Collected data
__________________________________________________
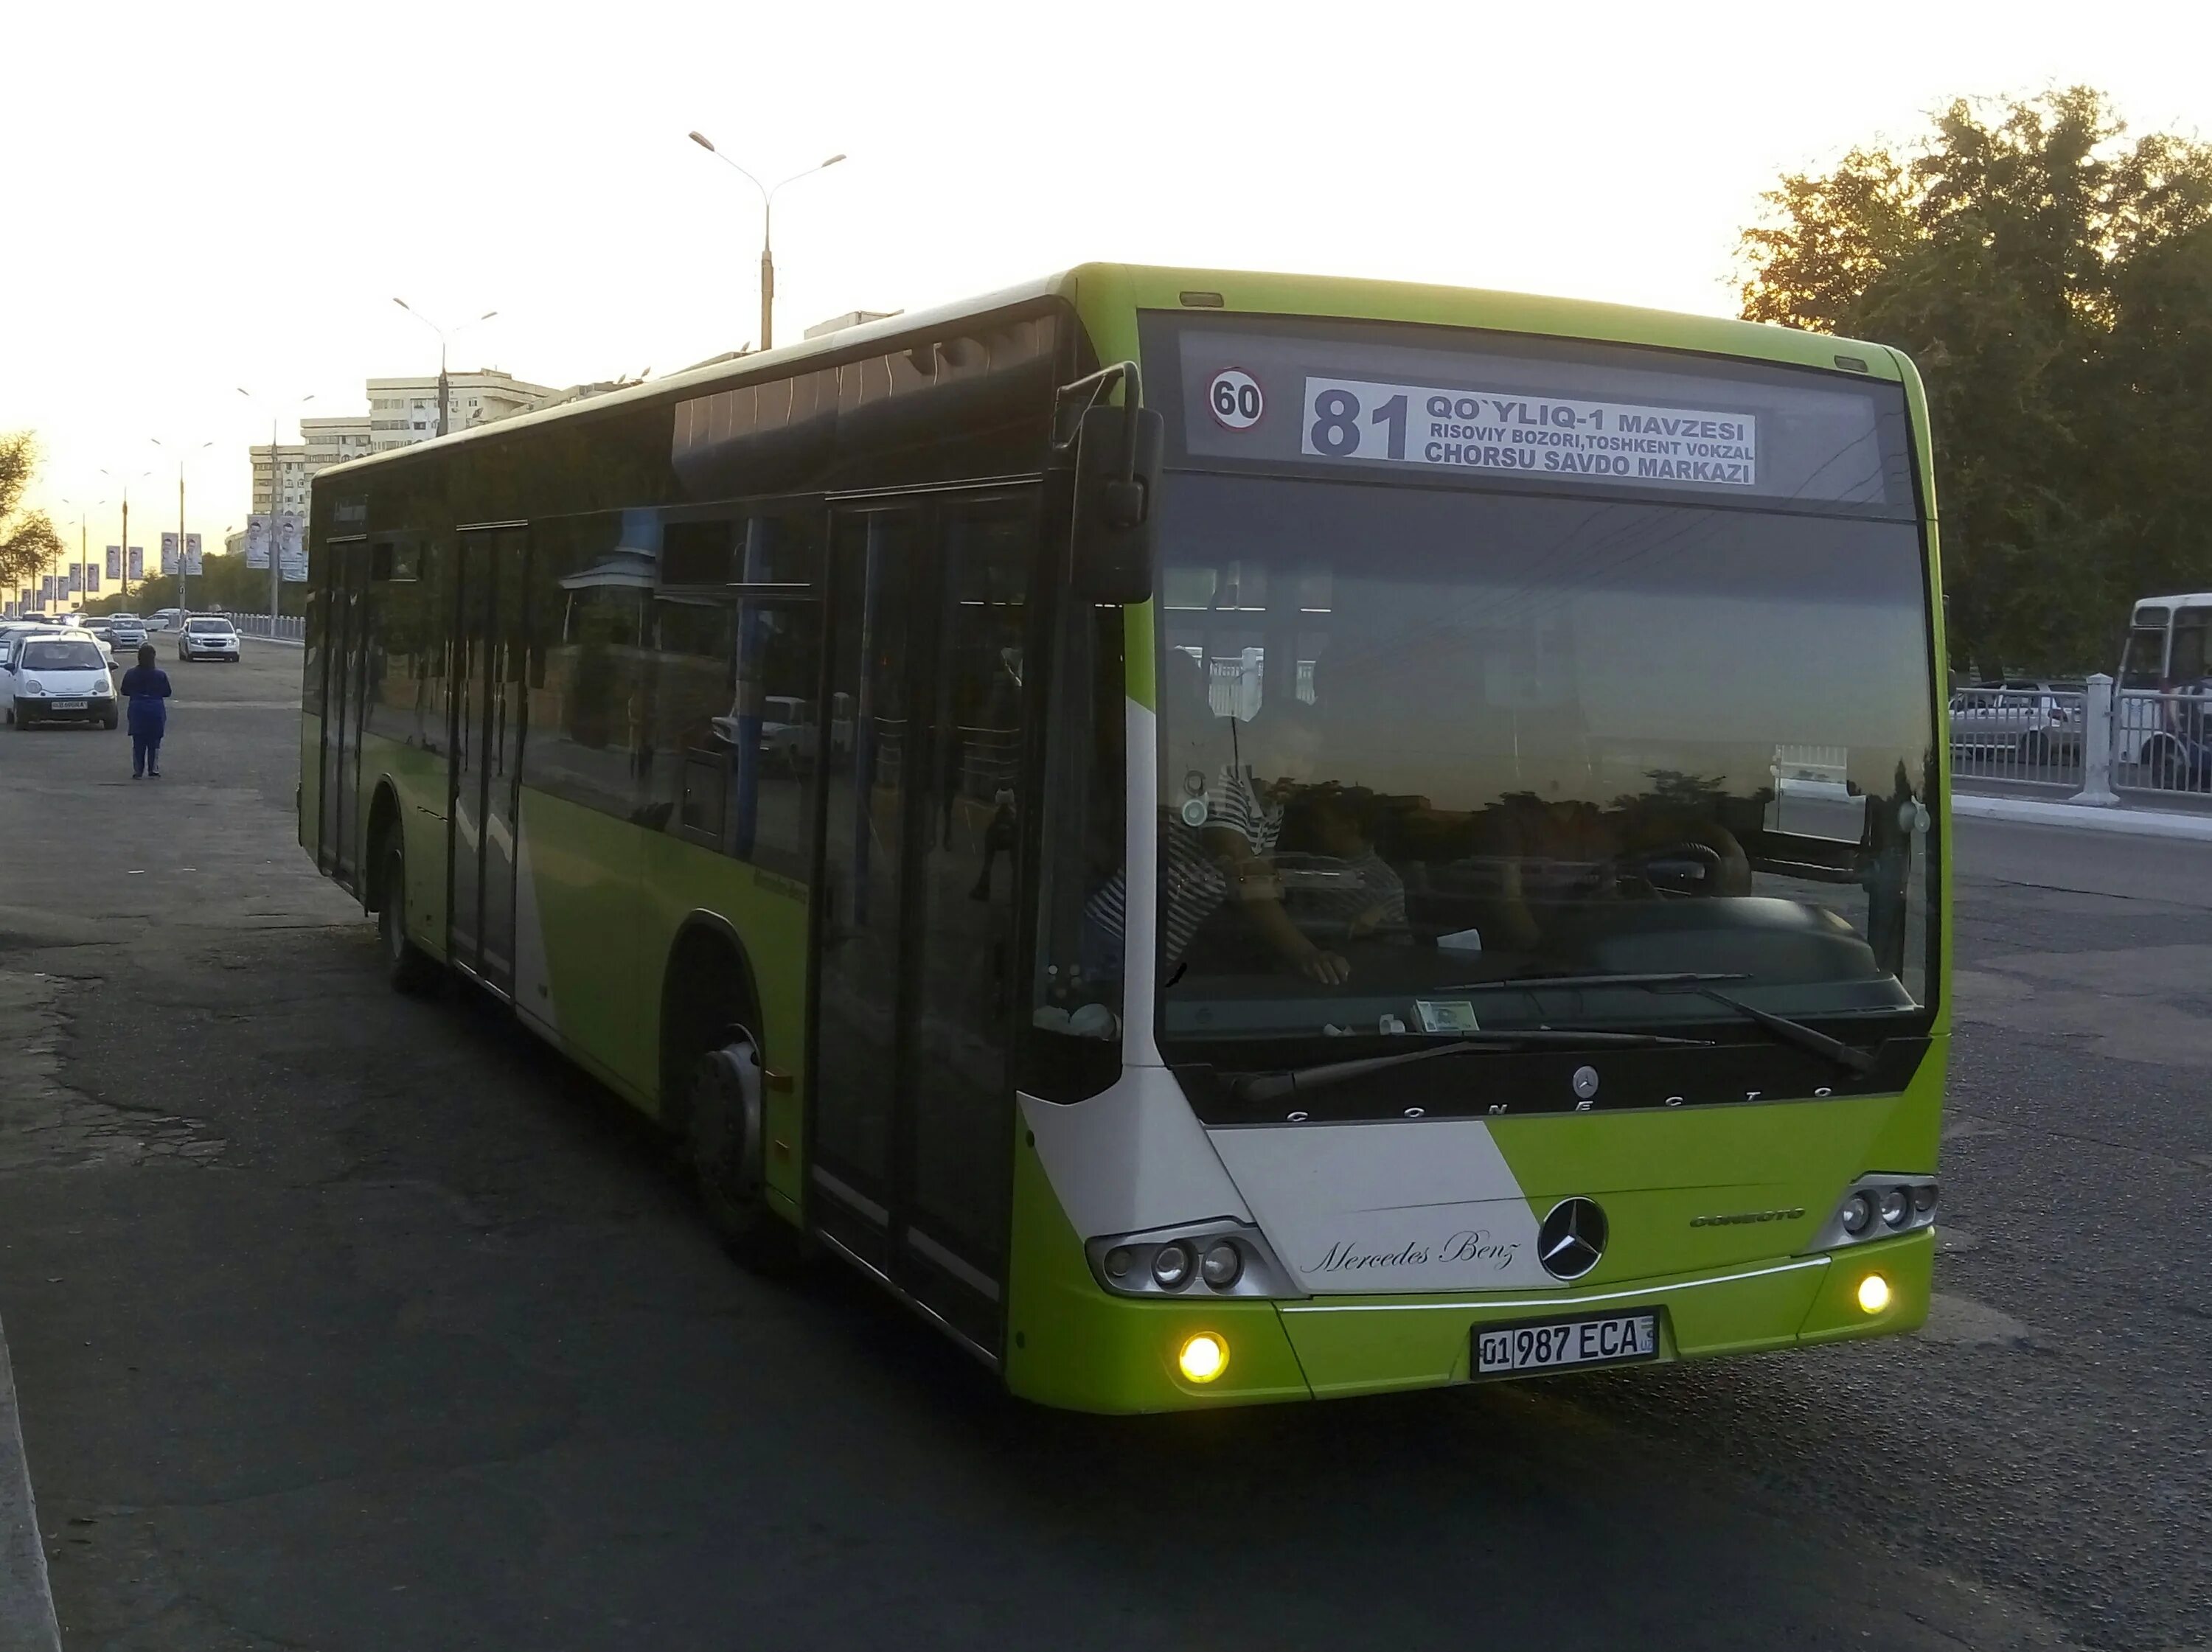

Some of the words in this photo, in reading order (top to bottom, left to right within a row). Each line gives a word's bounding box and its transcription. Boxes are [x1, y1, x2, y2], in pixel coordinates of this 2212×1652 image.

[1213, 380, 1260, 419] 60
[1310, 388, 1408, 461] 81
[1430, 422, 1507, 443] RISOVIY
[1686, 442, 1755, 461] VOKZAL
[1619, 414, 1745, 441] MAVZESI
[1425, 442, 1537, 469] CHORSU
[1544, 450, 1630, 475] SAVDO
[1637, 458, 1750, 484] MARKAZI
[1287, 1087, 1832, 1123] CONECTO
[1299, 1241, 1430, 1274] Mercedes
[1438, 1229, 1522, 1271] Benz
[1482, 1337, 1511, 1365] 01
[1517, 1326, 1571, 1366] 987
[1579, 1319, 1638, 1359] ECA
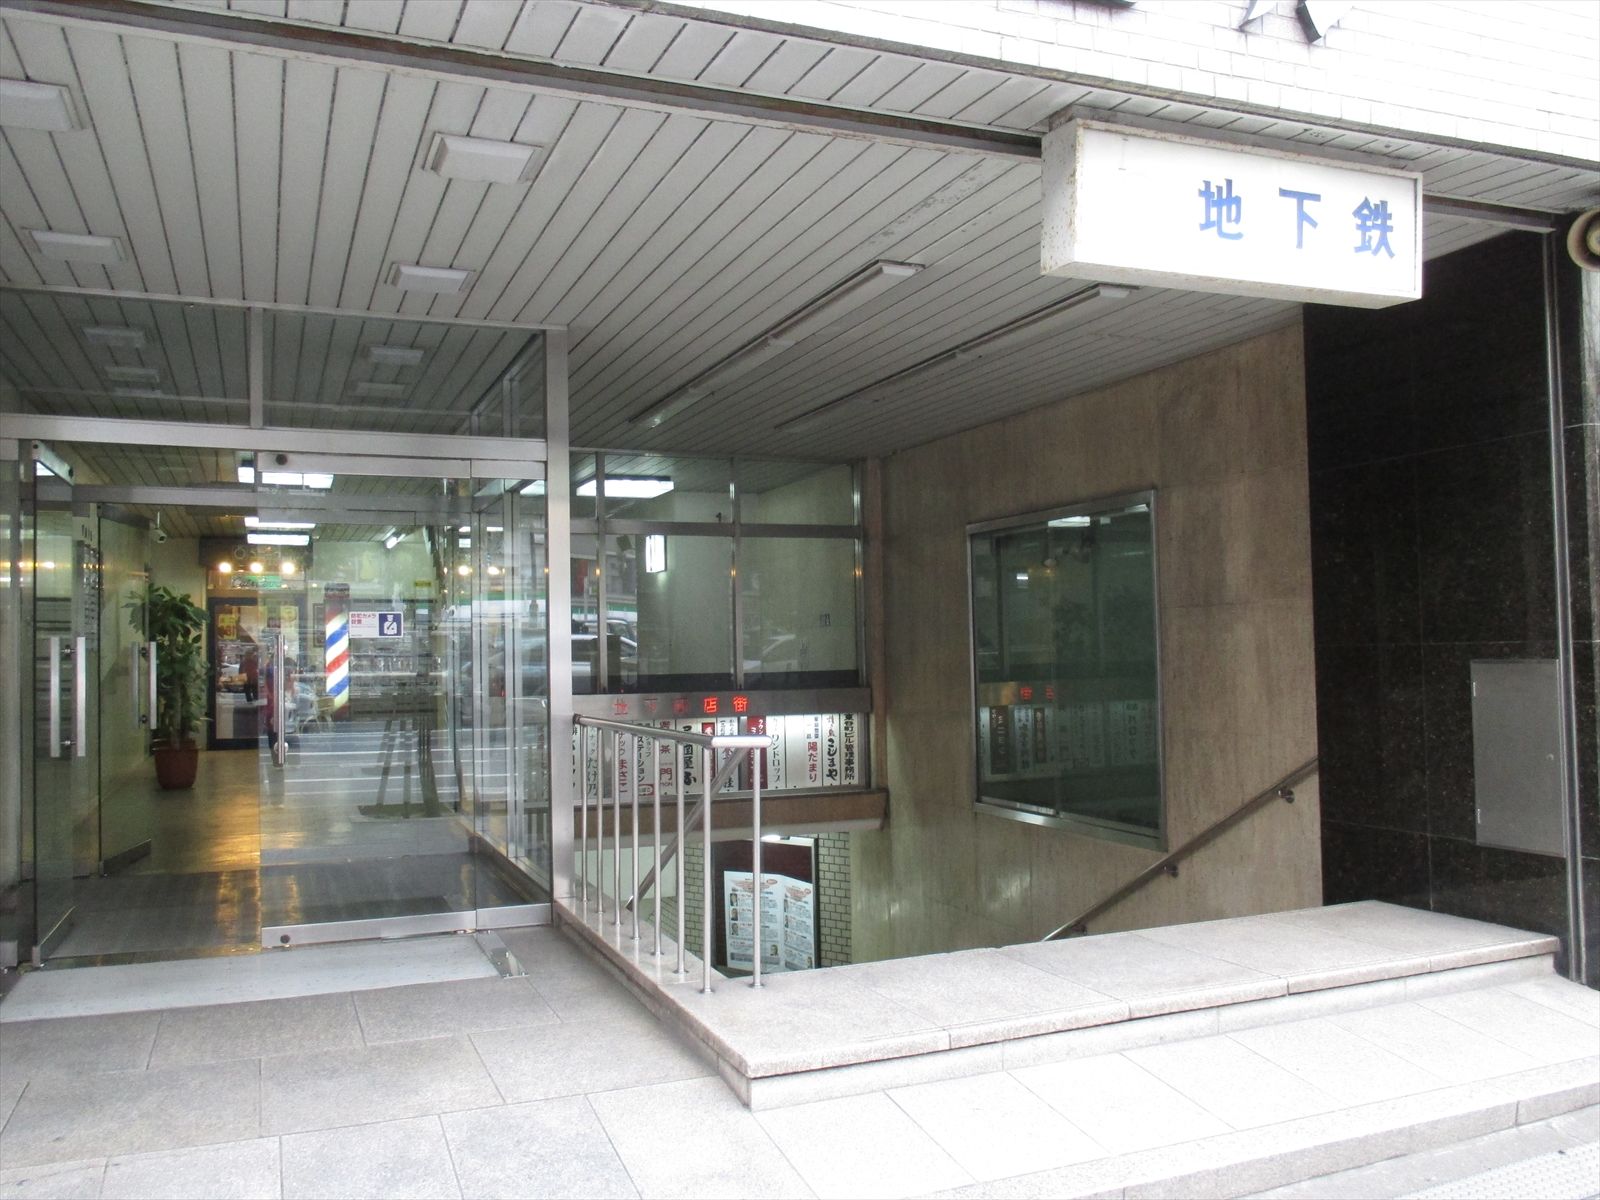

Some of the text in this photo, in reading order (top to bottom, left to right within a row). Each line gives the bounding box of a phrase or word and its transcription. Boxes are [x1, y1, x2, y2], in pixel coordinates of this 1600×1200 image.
__________________________________________________
Reproduce each entry exactly as written, but leave out the images.

Solved exercise:
Some of the words in this photo, in reading order (top to bottom, left to right within a row). Each line gives a word's bounding box and its transcription. Boxes are [x1, y1, x2, y2], in pixel coordinates of this 2212×1652 image.

[1213, 380, 1260, 419] 60
[1310, 388, 1408, 461] 81
[1430, 422, 1507, 443] RISOVIY
[1686, 442, 1755, 461] VOKZAL
[1619, 414, 1745, 441] MAVZESI
[1425, 442, 1537, 469] CHORSU
[1544, 450, 1630, 475] SAVDO
[1637, 458, 1750, 484] MARKAZI
[1287, 1087, 1832, 1123] CONECTO
[1299, 1241, 1430, 1274] Mercedes
[1438, 1229, 1522, 1271] Benz
[1482, 1337, 1511, 1365] 01
[1517, 1326, 1571, 1366] 987
[1579, 1319, 1638, 1359] ECA

Some of the text in this photo, in reading order (top to bottom, left to right within a row). Each line gives the bounding box of a phrase or word and its transcription. Boxes are [x1, y1, x2, y2], in pixel coordinates of this 1600×1200 image.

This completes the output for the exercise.